Die Wände hoch gegen ableistische Hindernisse

Aktionstage für eine barrierefreie Mobilitätswende

| Rollfender Widerstand – direkte Aktion gegen Barrieren

Gut gelaunter Protest in der Höhe - Foto: Rolllfender Widerstand

Am 19. und 20. August 2022 veranstaltete die Gruppe „Rollfender Widerstand“ zwei Aktionstage, welche der fehlenden Barrierefreiheit der Bahn galten. Zum Auftakt gab es am nicht barrierefreien Bahnhof Köln Messe/Deutz eine Demonstration, im Anschluss eine gemeinsame Zugfahrt nach Frankfurt am Main. Am zweiten Tag wurde die Fassade des ebenfalls nicht barrierefreien Bahnhofs Frankfurt West von vier Menschen, davon zwei im Rollstuhl, beklettert.

Die Gruppe Rollfender Widerstand (der Name setzt sich zusammen aus „rollen“ und „laufen“) kämpft mit direkten Aktionen gegen ableistische Hürden und Strukturen im Alltag der Betroffenen. Ableismus beschreibt die Diskriminierung von Personen, welche aufgrund körperlicher und/oder geistiger Verfassung nicht in gesellschaftlichen Normen verortet werden und umgangssprachlich als „behindert“ bezeichnet werden. In mehreren Ausgaben der Graswurzelrevolution wurde das Thema bereits behandelt.
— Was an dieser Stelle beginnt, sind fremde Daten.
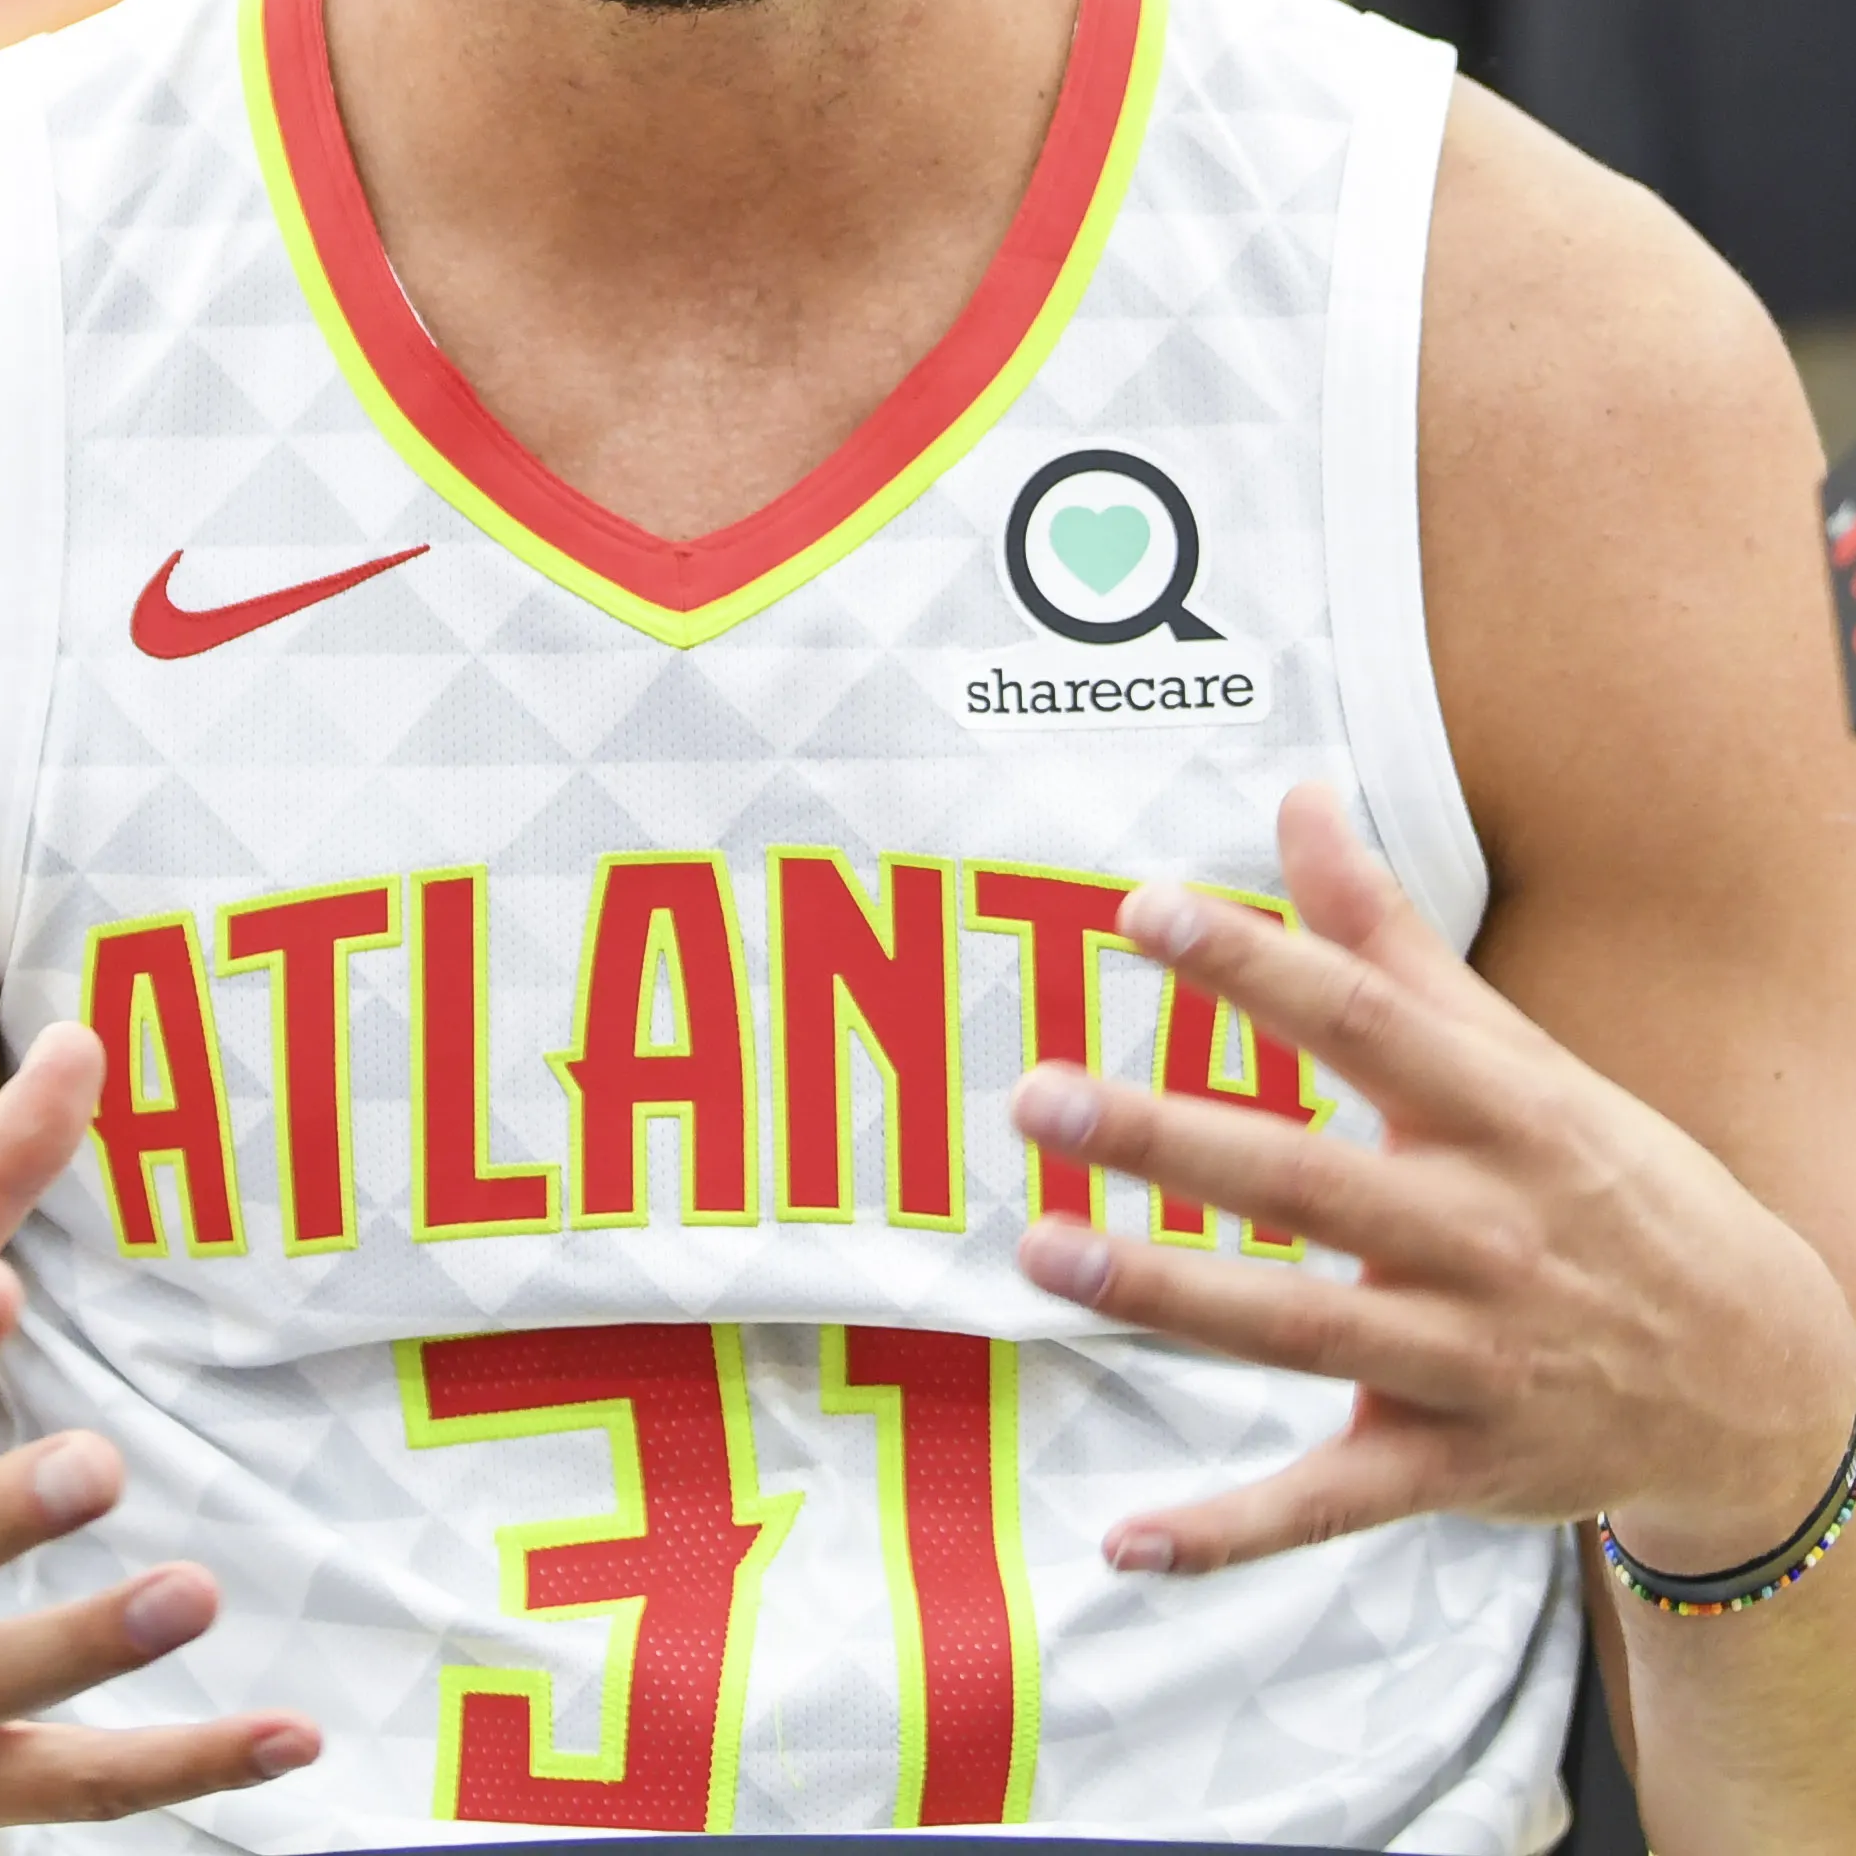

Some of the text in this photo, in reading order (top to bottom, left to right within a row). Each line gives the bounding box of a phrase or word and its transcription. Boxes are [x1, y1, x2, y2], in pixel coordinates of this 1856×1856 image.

[966, 667, 1255, 714] sharecare
[78, 844, 1336, 1262] ATLANTA
[392, 1322, 1040, 1834] 31
Bahnhöfe – eine Ansammlung von Barrieren

Am Mittag des 19. August demonstrierten Menschen mit unterschiedlichen Behinderungen sowie Menschen ohne Einschränkungen am Bahnhof Köln Messe/Deutz. Es wurden verschiedene Redebeiträge gehalten und in einem Demozug durch die Bahnhofshallen auf die bestehenden Barrieren im und um den Bahnhof aufmerksam gemacht. Konkret sind dies Treppen ohne alternative Rampen oder Aufzüge: Diese können von Menschen im Rollstuhl unmöglich selbst- und eigenständig überwunden werden. Fehlende oder nicht durchgängige Blindenleitsysteme, nicht ablesbare Durchsagen für Menschen mit Hörbehinderung – all dies sind nur einige der Barrieren, vor welche sich Menschen jeden Tag gestellt sehen und deren Überwindung, wenn überhaupt möglich, viel Zeit und Kraft in Anspruch nimmt.
Im Anschluss fuhr die Gruppe mit öffentlichen Verkehrsmitteln nach Frankfurt am Main. Die erste Barriere, die sich ihnen stellte, war der Weg zum Abfahrtsgleis; dort gibt es nämlich keinen Aufzug. Mithilfe mehrerer Personen ohne Gehbehinderung und außerhalb dessen, was in Deutschland versichert ist, schafften es einige Rollstuhlfahrerinnen die Rolltreppe hoch. Ein Mensch mit schwerem E-Rollstuhl war ca. eine Stunde früher aufgebrochen, um auf anderen Wegen zum Hauptbahnhof zu gelangen und dort (wo es einen Aufzug gibt) zuzusteigen. Ein anderer Teil der Gruppe fuhr mit einer kollektiv finanzierten ICE-Fahrkarte. Die Fahrt in der überfüllten Regionalbahn mit vielen Umstiegen wäre für die beiden viel zu anstrengend gewesen. Wegen ihrer chronischen Erkrankungen können sie nicht lange sitzen und brauchen Platz zum Liegen oder können aufgrund von Immunschwäche nicht in überfüllten Zügen reisen.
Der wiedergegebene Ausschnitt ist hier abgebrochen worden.